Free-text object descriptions
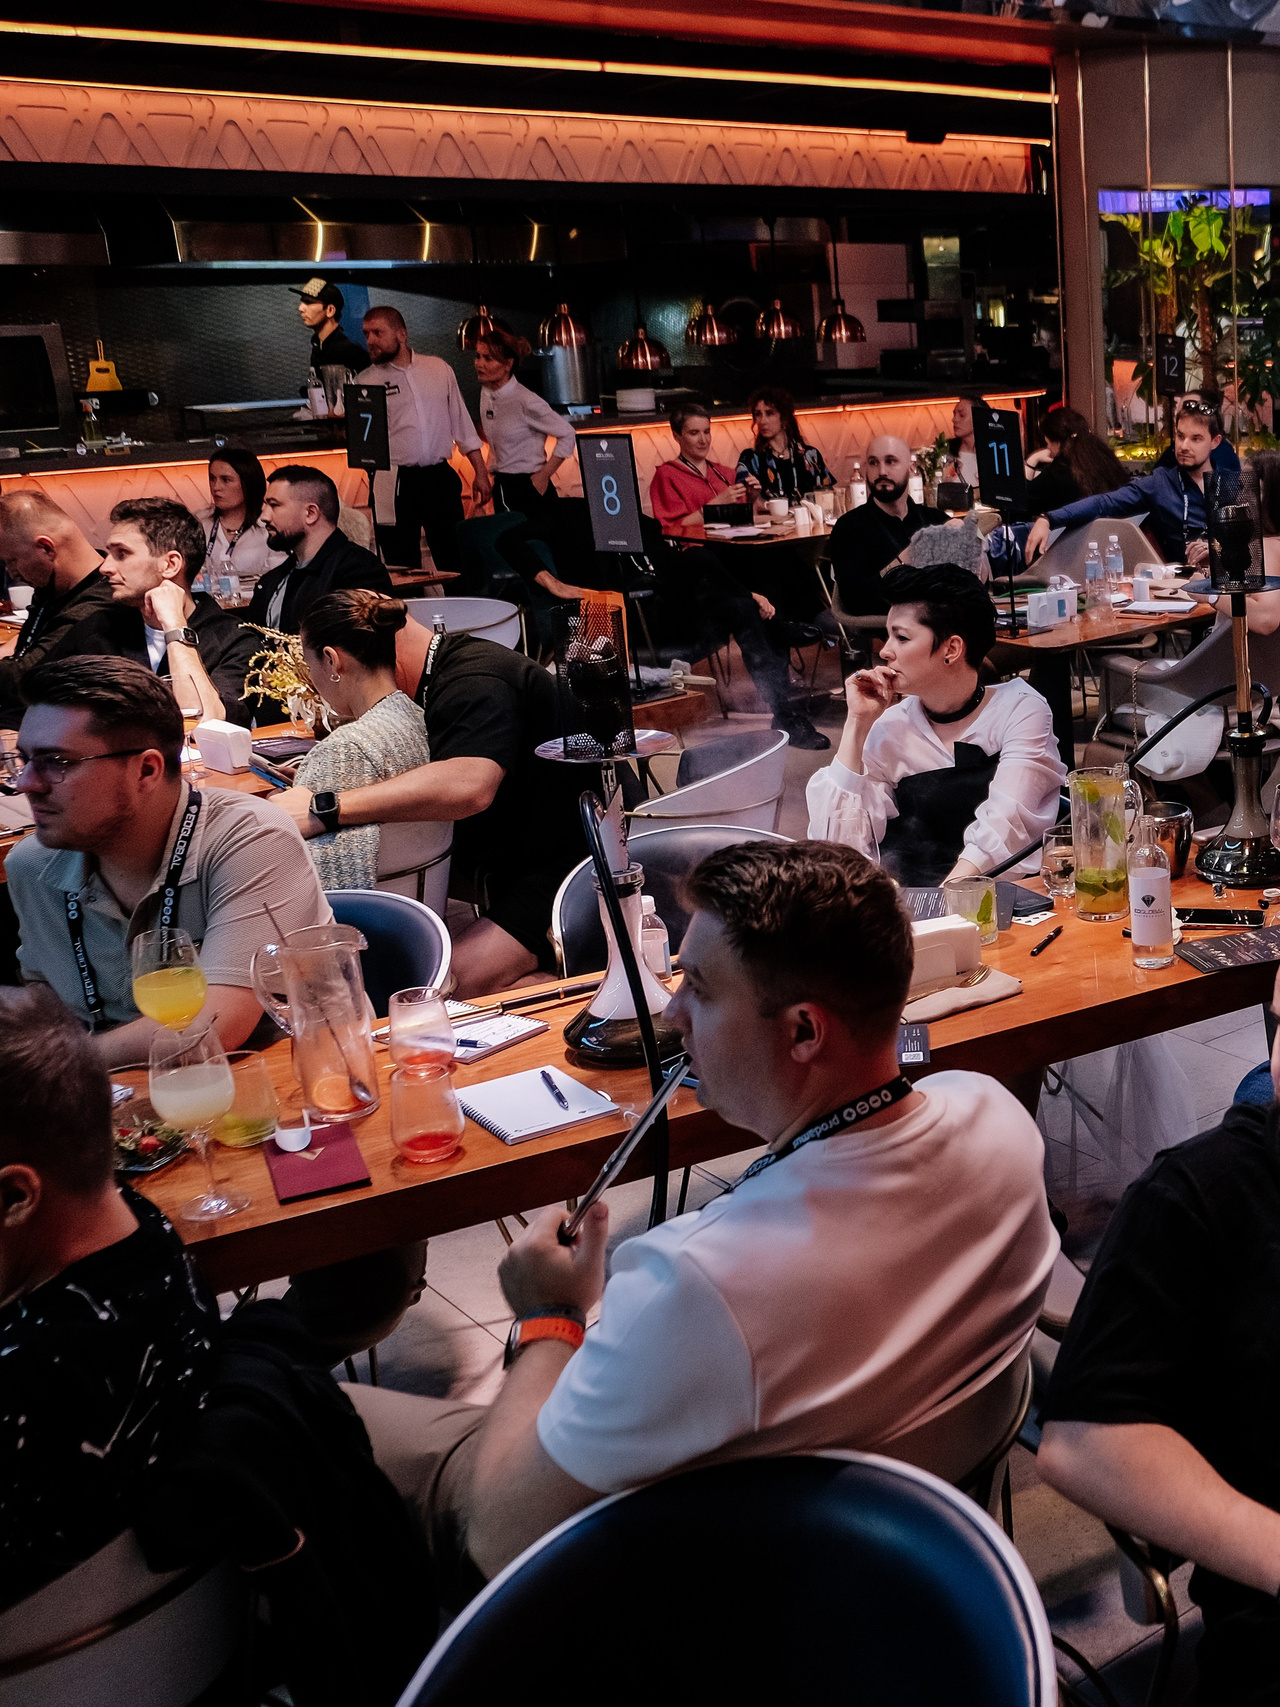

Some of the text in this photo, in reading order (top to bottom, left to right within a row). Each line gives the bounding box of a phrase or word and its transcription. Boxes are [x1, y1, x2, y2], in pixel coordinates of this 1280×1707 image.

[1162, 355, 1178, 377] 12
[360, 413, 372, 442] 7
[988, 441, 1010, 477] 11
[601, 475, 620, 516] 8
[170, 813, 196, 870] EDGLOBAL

* EXERCISE *
Your answer must contain the full data, repeated exactly, without pictures.

* YOUR RESPONSE *
Some of the text in this photo, in reading order (top to bottom, left to right within a row). Each line gives the bounding box of a phrase or word and its transcription. Boxes are [x1, y1, x2, y2], in pixel coordinates of this 1280×1707 image.

[1162, 355, 1178, 377] 12
[360, 413, 372, 442] 7
[988, 441, 1010, 477] 11
[601, 475, 620, 516] 8
[170, 813, 196, 870] EDGLOBAL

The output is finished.